Friday, September 02, 2005

La anciana

Lirol Prólogo.

Este relato lo escribí en el invierno de 1999. El argumento es un poco tonto, o un mucho, depende de su metodología para analizar relatos tontos. En realidad me importa un soberano pepino lo que pienses, ya que mi objetivo era simplemente empezar a escribir, y la historia era lo de menos. Así que no les extrañé encontrar errores sintácticos, incluso ortográficos.

Sobres aquí va.

La anciana de los gatos

Una brisa fresca se paseaba esa noche, y de vez en cuando el sonido de algún motor lograba apagar momentáneamente el canto de los grillos debajo del puente. Carlos y Ramón estaban por terminar el carrujo de marihuana que compartían. Se habían quedado en silencio desde que lo habían encendido, hasta que Ramón expresó con tono de preocupación:

--Mira carnal, la verdad me da mala espina entrar a la casa de la vieja, además no creo que sea tanto lo que podamos sacarle, ¡solo ve la casucha en la que vive!--. Pero a Ramòn todo le daba mala espina, no era la primera vez que tratara de convencer a Carlos de echar marcha atrás antes de cometer un robo.
--Te digo que lo vi con mis propios ojos, la bruja tiene plata. Y además esta sola.— Afirmó Carlos un poco molesto y cansado de explicarlo una vez más.
Doña Soledad, como la conocìan los vecinos, era una anciana de larga y plateada cabellera, que aparentaba andar rondando los noventa años, aunque ninguno de los vecinos sabía su edad con exactitud. Por las tardes, al ponerse el sol, acostumbraba sentarse en una vieja mecedora de madera en el porche de su casa, mirando a los chiquillos jugar, y para las diez de la noche volvía a refugiarse dentro de su casa. Nadie recordaba haberla visto durante el día y rara vez entablaba alguna conversación. Lo único que podía afirmarse era que le agradaban los gatos o viceversa. Los chiquillos del lugar habían perdido el interés por identificar a cada gato que entraba o salía por encima de la puertecilla de madera retorcida y enmohecida que daba al patio de la casa de la vieja. Daba la impresión que los gatos estaban de paso en ese lugar, pués algunos se les veía merodeando por dos o tres días y después se les perdía de vista. Pero así como unos se iban otros llegaban.

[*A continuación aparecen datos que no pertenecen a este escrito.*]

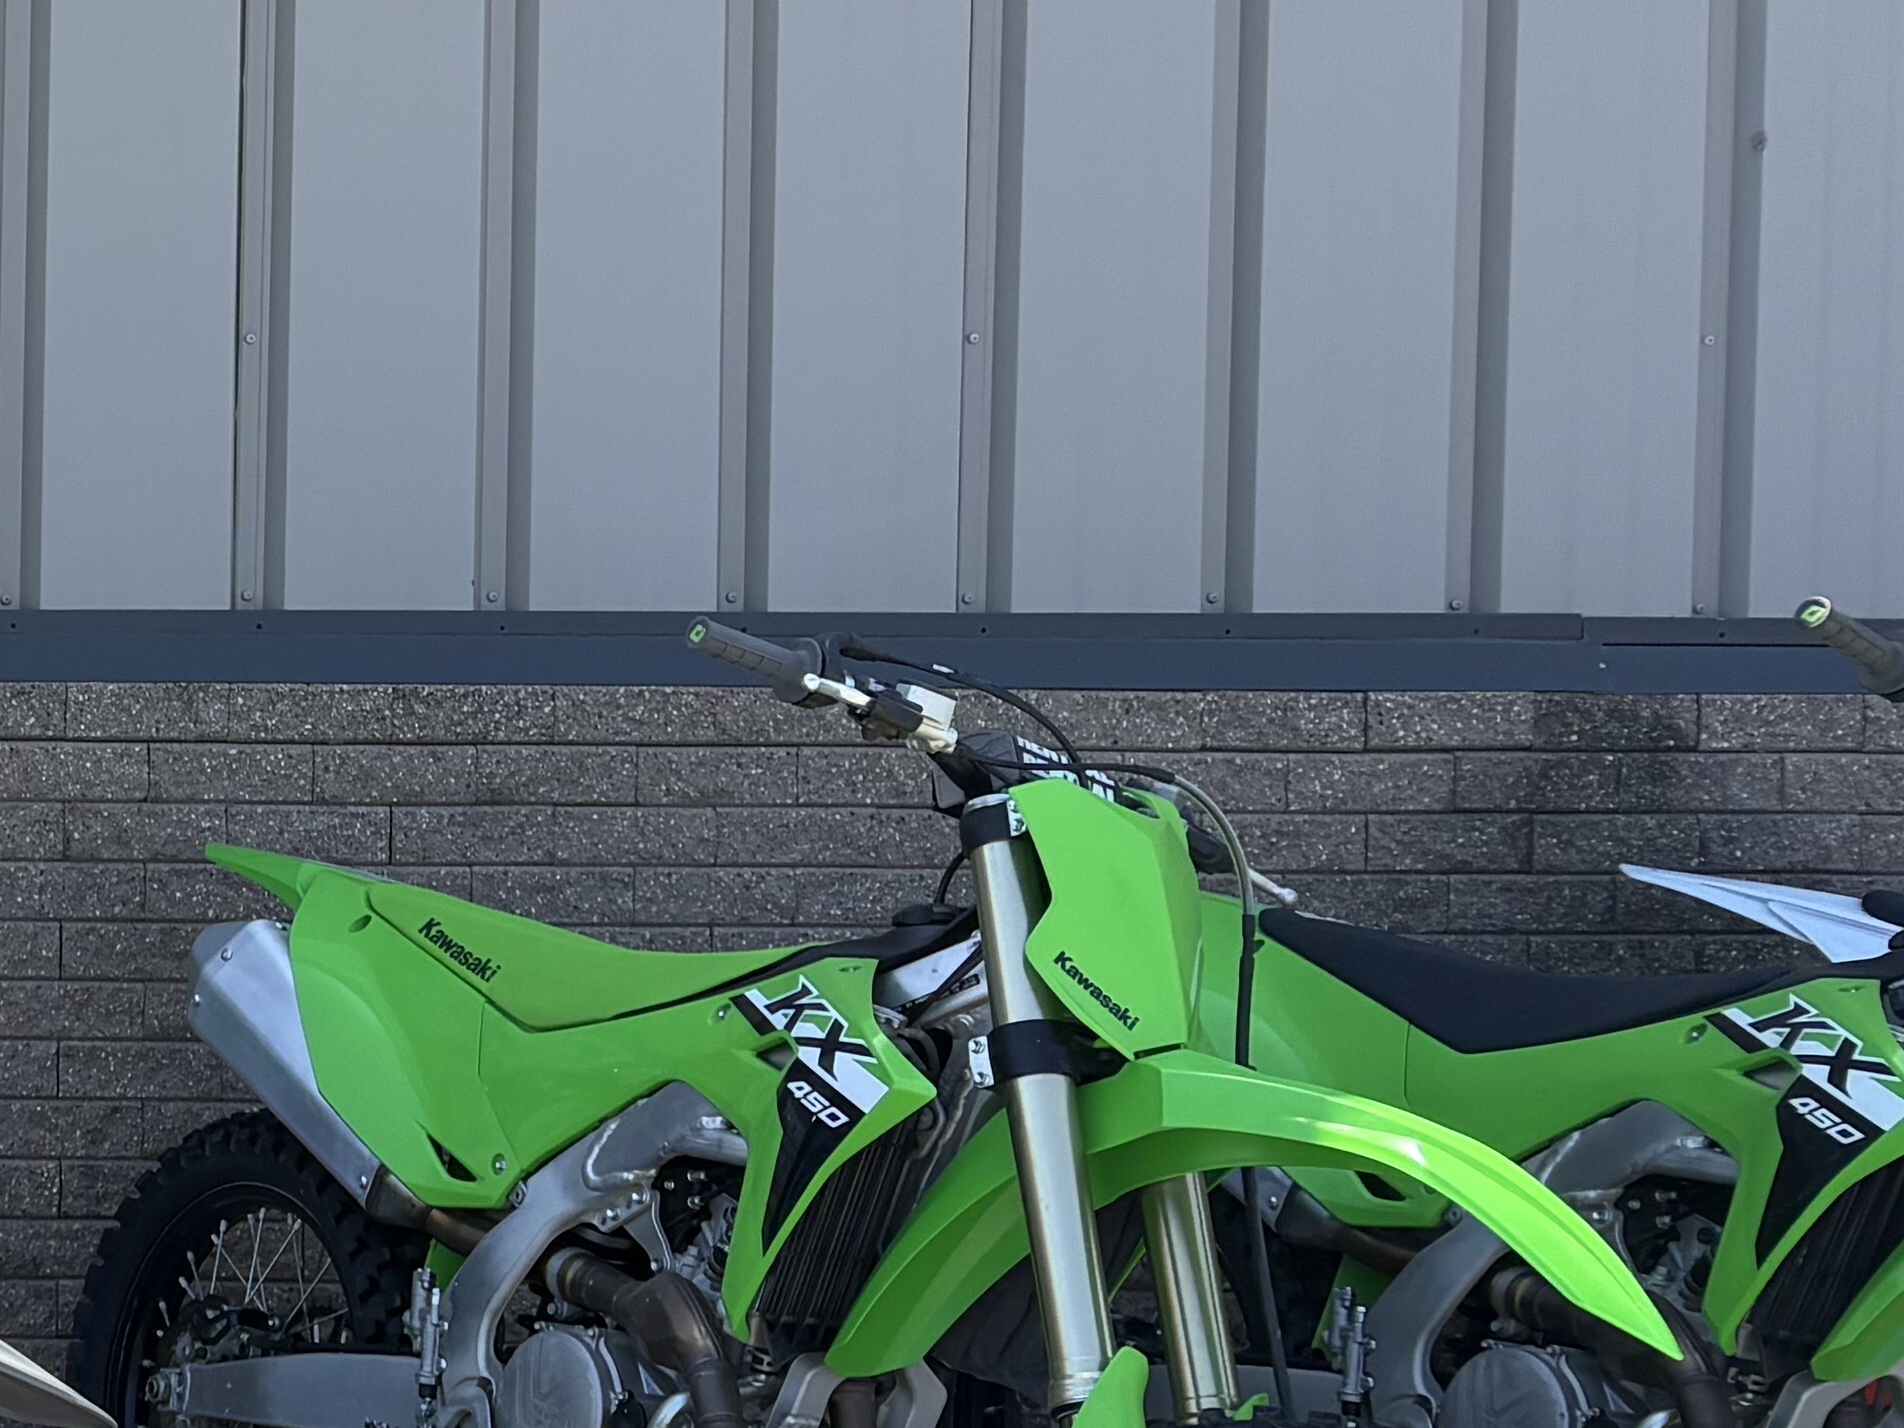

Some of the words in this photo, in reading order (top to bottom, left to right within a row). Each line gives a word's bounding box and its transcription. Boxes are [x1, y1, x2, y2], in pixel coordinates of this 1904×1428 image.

Desde una semana atrás, Carlos había estudiado el lugar. Había determinado cuales eran los hogares más vulnerables y la hora indicada para efectuar el atraco. Dos noches antes, había espiado por la ventana ubicada en lo que parecia ser la sala de la casa de la vieja, un par de sillones viejos y desgarrados y un librero componían el mobiliario, pero eso no fue lo que le llamó la anteción a Carlos, lo que había llamado su atención era un cofrecito que la vieja sacó del librero. La habitación estaba apenas iluminada por la tenue luz de una lampara de mesa. Al parecer el cofrecito contenía unas cuantas cartas y algunas fotos a blanco y negro. Pero lo que realmente llamó la atención de Carlos fue la pequeña bolsa de gamuza que se le había caido a la vieja por descuido, al caer la bolsa dejo escapar una parte de su contenido. El brillo que emanó de las monedas de plata causó el efecto de un hechizo en la mente de Carlos. A partir de ese momento sus ojos trabajaron más rápido, observó un pasillo desde la ventana y al final del pasillo alcanzó a ver una parte de lo que debía ser la recamara de la vieja, la bombilla de aquella habitación estaba encendida y esa luz le permitio ver una ventana que daba al patio y lo más importante, la ventana carecía de reja. Observó de nuevo a la vieja para comprobar no haber sido descubierto, pero esta parecía absorbida por su mundo de recuerdos. Por último echó una mirada a la calle sólo para asegurarse de que nadie lo estuviera mirando y se alejó del lugar. Desde la azotea de la casa de la vieja, un grupo de felinos lo observó alejarse.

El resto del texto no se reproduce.